Hank released her, took a step back, great big smile.
“Have you been working out?”
“Chief Paraffin, I’m here on official business.”
“Me, too. This is my office.”
Flower Childs wanted to go back to the firehouse, where she was in charge and there weren’t any armed dopes grinning at her. There was leftover spaghetti, too. She’d take any one of the three right now. Or a drink. Or running headfirst into a plate-glass window. She was also used to being taller than the person she was talking to, and Hank’s height was pissing her off.
“Chief, this was left on the door to the firehouse after the Wayside fire that took the life of Manfred Pierce.”
“Shame about that.”
She tried to read his face for the insult, but there was just a vacant grin. He wasn’t being cruel to her; he was just cruel.
“Here,” she said and handed him the note from out of her shoulder bag. It was in a family-sized plastic ziploc. Hank took it and said,
“Good work, Chief. Might be fingerprints. See that on teevee?”
He slipped his reading glasses out of his breast pocket, scanned the letter.
“Who’s the J of I?”
“No idea.”
“‘I told you this one would hurt,'” he read. “What does that mean? What does ‘I told you’ mean?”
This was the part Flower Childs was not looking forward to. She reached into her shoulder bag and produced two other notes, also in ziploc bags. Chief Paraffin never stopped smiling.

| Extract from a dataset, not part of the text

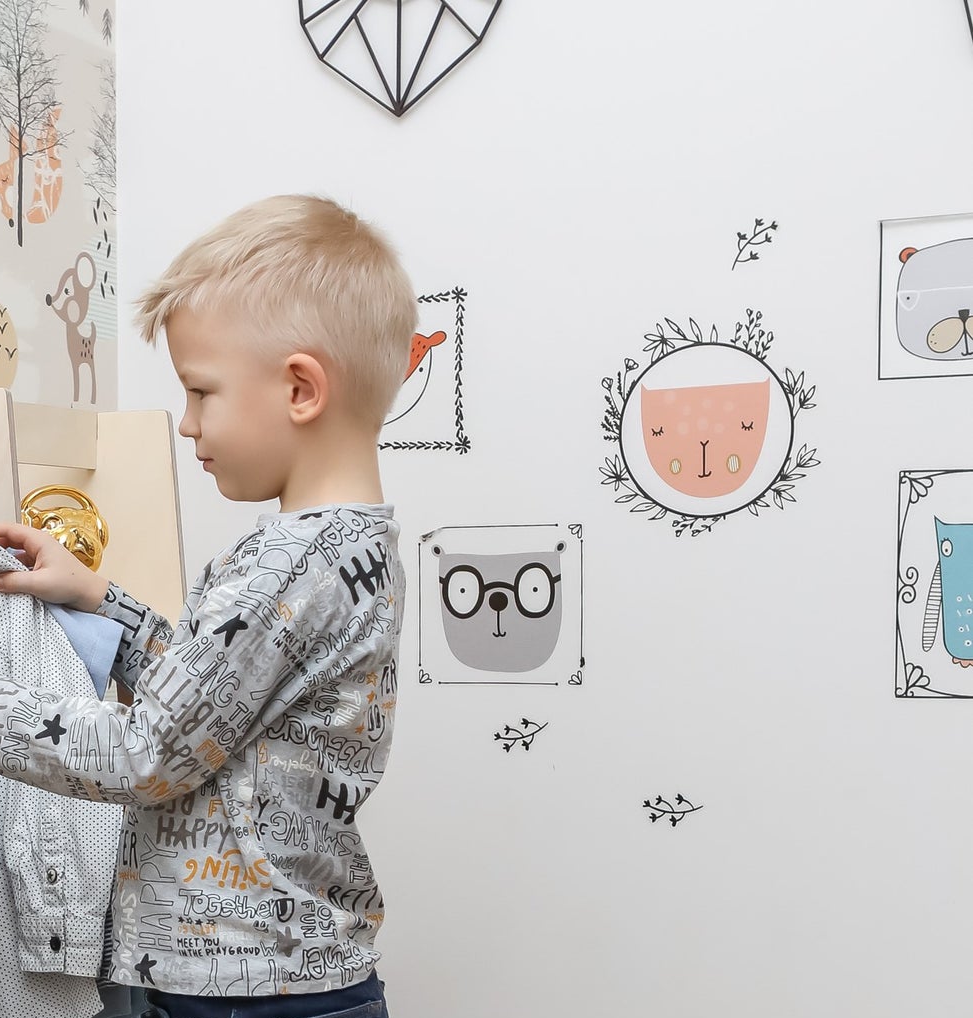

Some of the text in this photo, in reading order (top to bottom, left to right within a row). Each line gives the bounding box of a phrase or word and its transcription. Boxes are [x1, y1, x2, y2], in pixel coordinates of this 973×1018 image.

“Are you fucking kidding me?”
Cannot Swim stood before the printer’s shop, staring in the window. First, he stared at the window–the Pulaski did not have glass–and then inside where a thin man arranged blocks on a tray and fed them into a stamping press. He tried to make sense of what his eyes were shouting at him, but he could not even guess at the purpose of the machine. He could smell the grease over the stink of the Whites, it was a high-pitched smell, and Cannot Swim felt his balls tighten and his cock wither. There was no purpose he could see. The moccasin, the kotcha, the hearth, even the rifles Talks To Whites brought back for the Pulaski to hunt with: these were obvious objects; their intent was blatant. But this? The man strained against a wheel, horizontal, and there was another scent, fruity and full, and the man noticed Cannot Swim watching and nodded his head, and Cannot Swim did not know to nod back, so he didn’t and then his cousin pulled at him by the elbow.
“You were supposed to come in the store with me.”
“What is this?”
“Please don’t wander off. If you wander off, you’re gonna get killed. Or get me killed. Whichever.”
“Tell me what this is.”
“It’s a <printing press>,” Talks To Whites said, the last two words in English.
“What?”
“I can’t translate it. This is where they print the…uh…ah…<newspaper>.”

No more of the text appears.